D:Come valuta invece i rapporti con la UE? 

R:In effetti i rapporti commerciali sono basati su un accordo di Unione Doganale UE-Turchia che compirà 30 anni l’anno prossimo. Da allora non è mai stato rivisto o corretto malgrado gli sviluppi tecnologici che abbiamo vissuto e la crescita di nuove potenze come la Cina. Non copre importanti settori dell’economia come l’agricoltura o gli appalti pubblici e non possiede un meccanismo di risoluzione delle possibile dispute. Ovviamente non tiene conto di tutti gli altri accordi commerciali che le due parti hanno concordato con altri paesi o raggruppamenti regionali da allora e sono tanti. Per non parlare del disturbo recato dalla Brexit.Conviene tener conto che all’epoca, questo accordo era considerato una misura temporanea in attesa che la Turchia diventasse un membro della UE. Per tutta una serie di motivi il processo di adesione al momento non sta avanzando. Noi pensiamo che le opportunità commerciali che vi sono per le aziende delle due parti non debbano soffrirne e che converrebbe separare la parte politica da quella commerciale. Un rapporto dell’impatto che avrebbe una modernizzazione ed allargamento dell’Unione Doganale fatto dalla Commissione Europea mostra che vi sarebbe un potenziale reale di accrescere il PIL delle due parti. 
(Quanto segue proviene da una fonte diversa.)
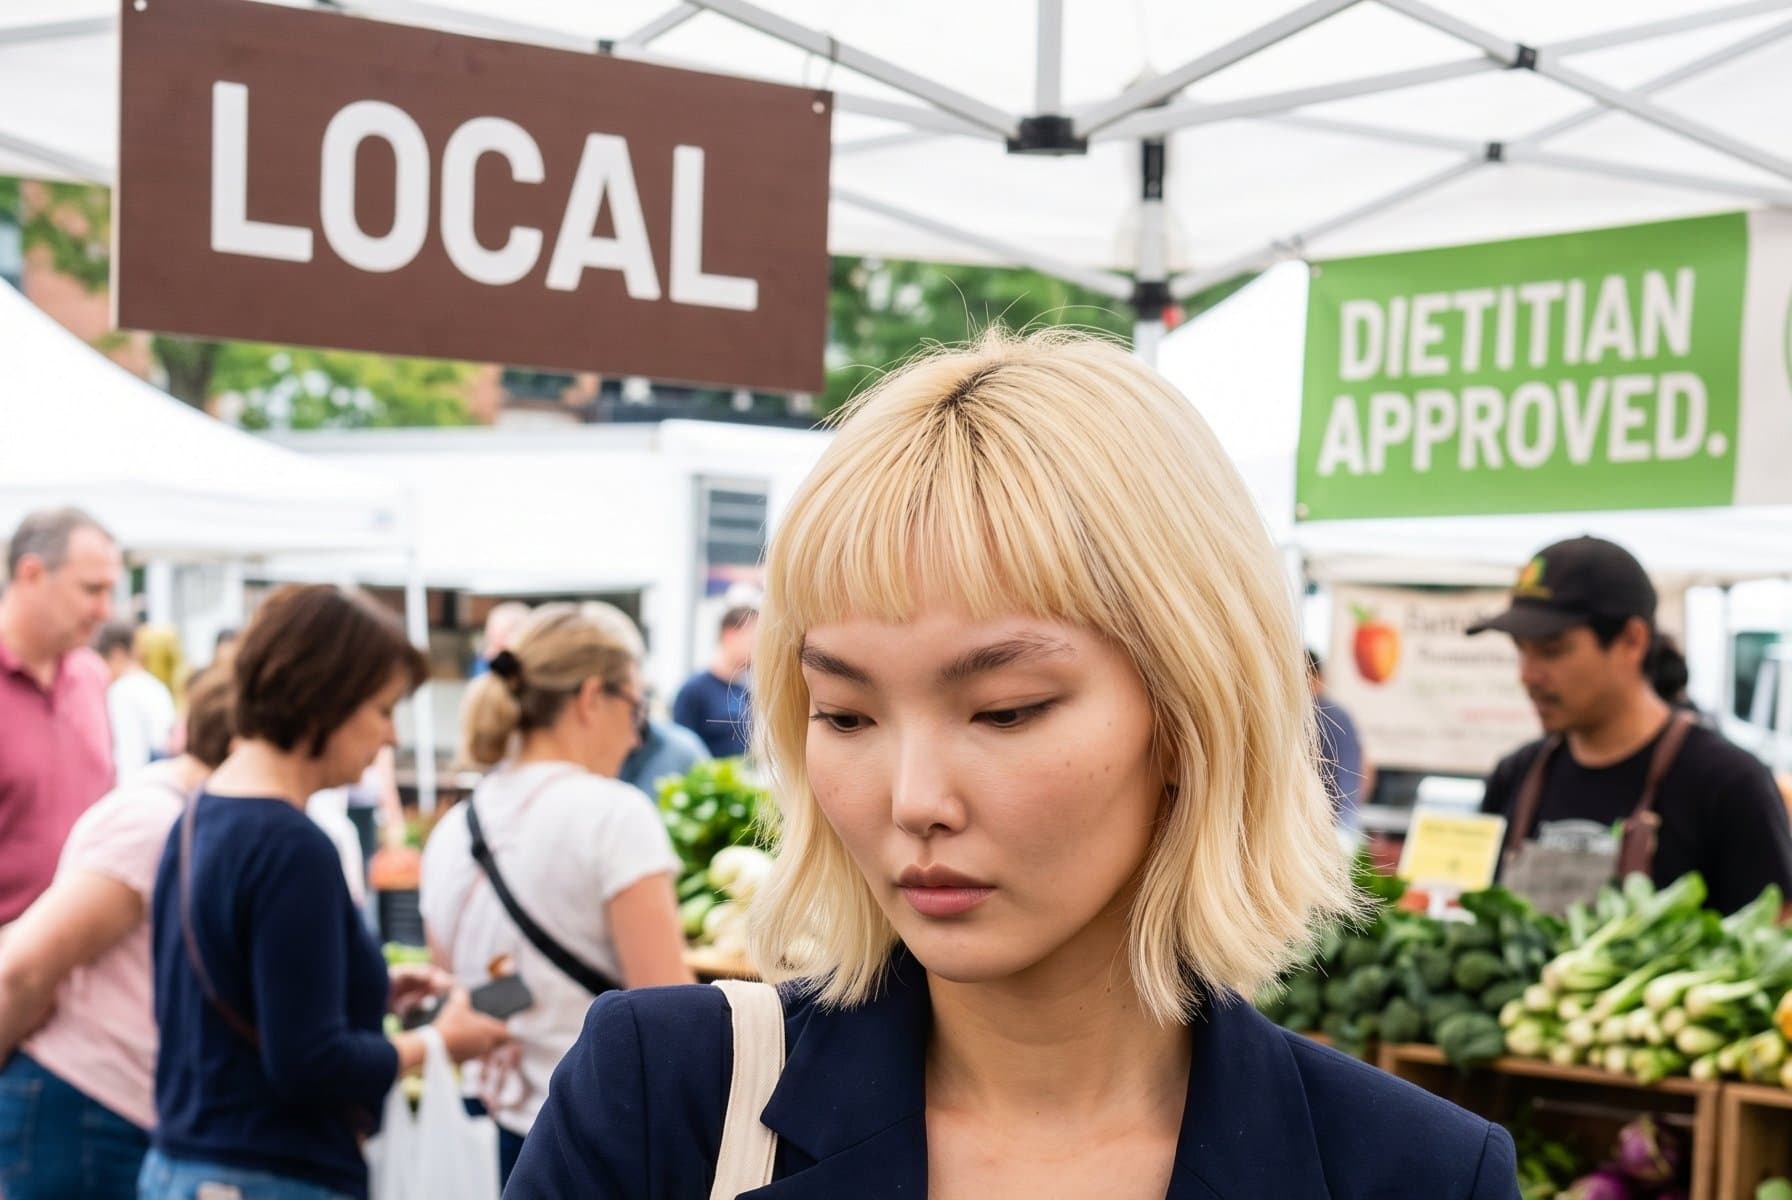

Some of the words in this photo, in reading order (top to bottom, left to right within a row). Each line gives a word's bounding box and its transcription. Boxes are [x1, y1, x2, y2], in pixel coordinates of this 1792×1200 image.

[211, 80, 758, 311] LOCAL
[1338, 267, 1696, 382] DIETITIAN
[1316, 371, 1728, 477] APPROVED.
D:Riguardo ai negoziati con la UE? 

R:Al momento la Commissione Europea è pronta ad intavolare I negoziati con la Turchia ed il Parlamento Europeo ha approvato il progetto di cominciare i negoziati senza condizioni prealabili ma con la condizione di impegni fermi su questioni come lo stato di diritto, ecc. da inserire nel testo finale. L’unica cosa che manca è il via libera del Consiglio Europeo e cioè la decisione politica, che tarda ad essere presa il che dimostra anche una mancanza di visione da parte nostra.Dico questo perché d’altro lato altri partner commerciali della Turchia si sono resi conto dell’importanza che questa poteva avere per loro. Un paese con un’economia manifatturiera ben diversificata, con una ottima infrastruttura, una forza di lavoro abile e flessibile e con capacità di produzione su scala globale. Tutto questo in un momento storico dove i paesi occidentali vogliono ridurre la loro dipendenza dall’estremo oriente. 

D:La Gran Bretagna invece ha una visione differente.Come si sta muovendo Londra? 
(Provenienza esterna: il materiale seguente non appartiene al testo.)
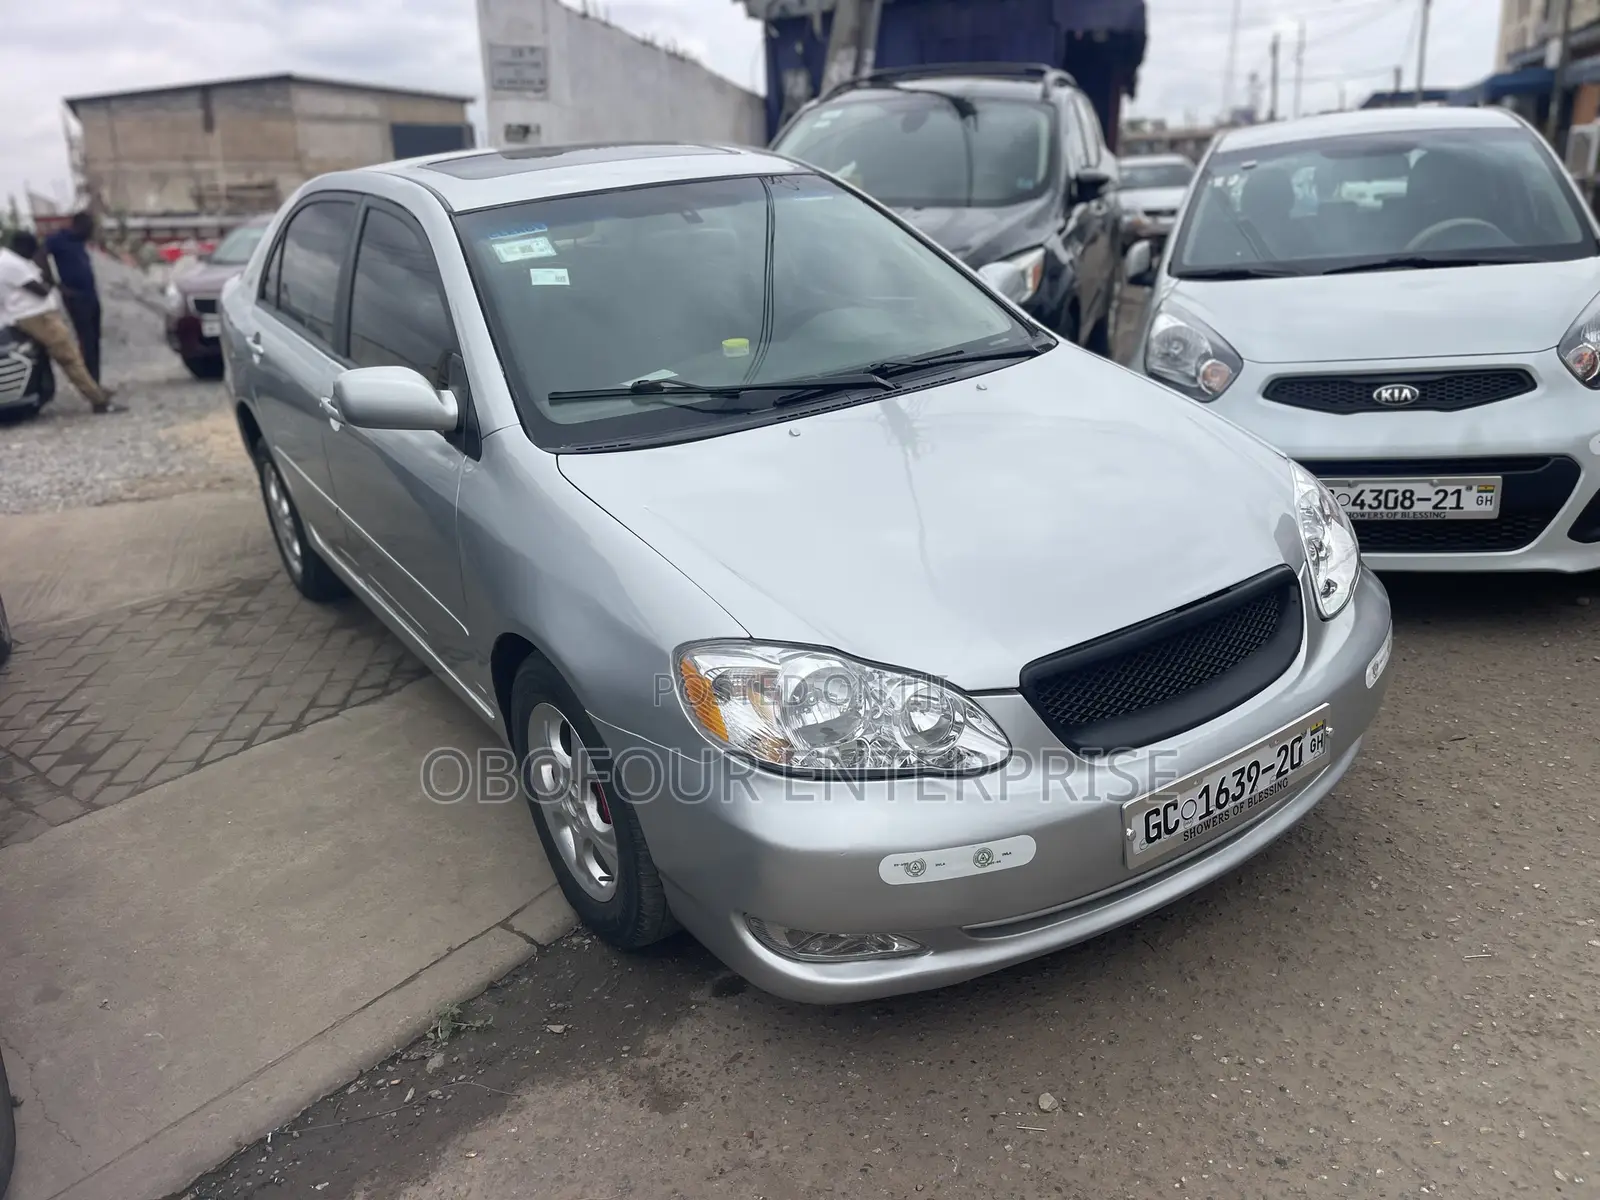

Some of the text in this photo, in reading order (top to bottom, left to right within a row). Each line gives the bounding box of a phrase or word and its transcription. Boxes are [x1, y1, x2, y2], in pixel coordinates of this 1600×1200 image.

R:Non è da sorprendersi se la Turchia è il primo paese con il quale il Regno Unito ha firmato un accordo di libero scambio all’indomani (proprio il giorno dopo) del Brexit, un accordo già più complessivo del nostro e che il nuovo governo laburista ha approvato l’inizio di nuovi negoziati per ampliarlo. Gli Stati Uniti dalla loro parte stanno usufruendo sempre di più della base manifatturiera turca con un obiettivo di 100 Miliardi di dollari di interscambio. 

R:Da poco avete unito gli sforzi a livello di Camere di Commercio in UE.Come mai? 
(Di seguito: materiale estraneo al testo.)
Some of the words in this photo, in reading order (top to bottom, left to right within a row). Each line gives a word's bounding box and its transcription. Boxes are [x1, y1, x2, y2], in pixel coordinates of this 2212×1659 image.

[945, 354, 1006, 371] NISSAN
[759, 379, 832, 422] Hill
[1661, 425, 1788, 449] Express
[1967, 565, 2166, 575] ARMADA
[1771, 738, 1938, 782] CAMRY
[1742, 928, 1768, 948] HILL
D:La nostra associazione, ETTIC, è stata creata a Bruxelles dalle Camere di Commercio europee presenti in Turchia che vengono rappresentate dai loro rispettivi presidenti. Quella italiana per esempio è una delle più antiche Camere di Commercio Italiane all’Estero con più di 130 anni d’esistenza. Noi ci facciamo i portavoce delle aziende europee che hanno investito in Turchia da tanti anni e che sono consce che i rapporti bilaterali sono gestiti da un trattato oramai obsoleto, con il rischio di perdere quote di mercato ad altri paesi con più visione. Non a caso l’ultima decisione di investimento straniero è stata presa dalla cinese BYD per un ammontare di 1Miliardo di dollari al fine di costruire uno stabilimento per costruire automobile elettriche.Ci auguriamo che le nostre voci collettive verranno ascoltate dalle autorità competenti e che questo impegno che ci siamo presi mettendoci il nostro tempo è le nostre energie porterà dei frutti e creazione di valore per tutti gli attori economici coinvolti.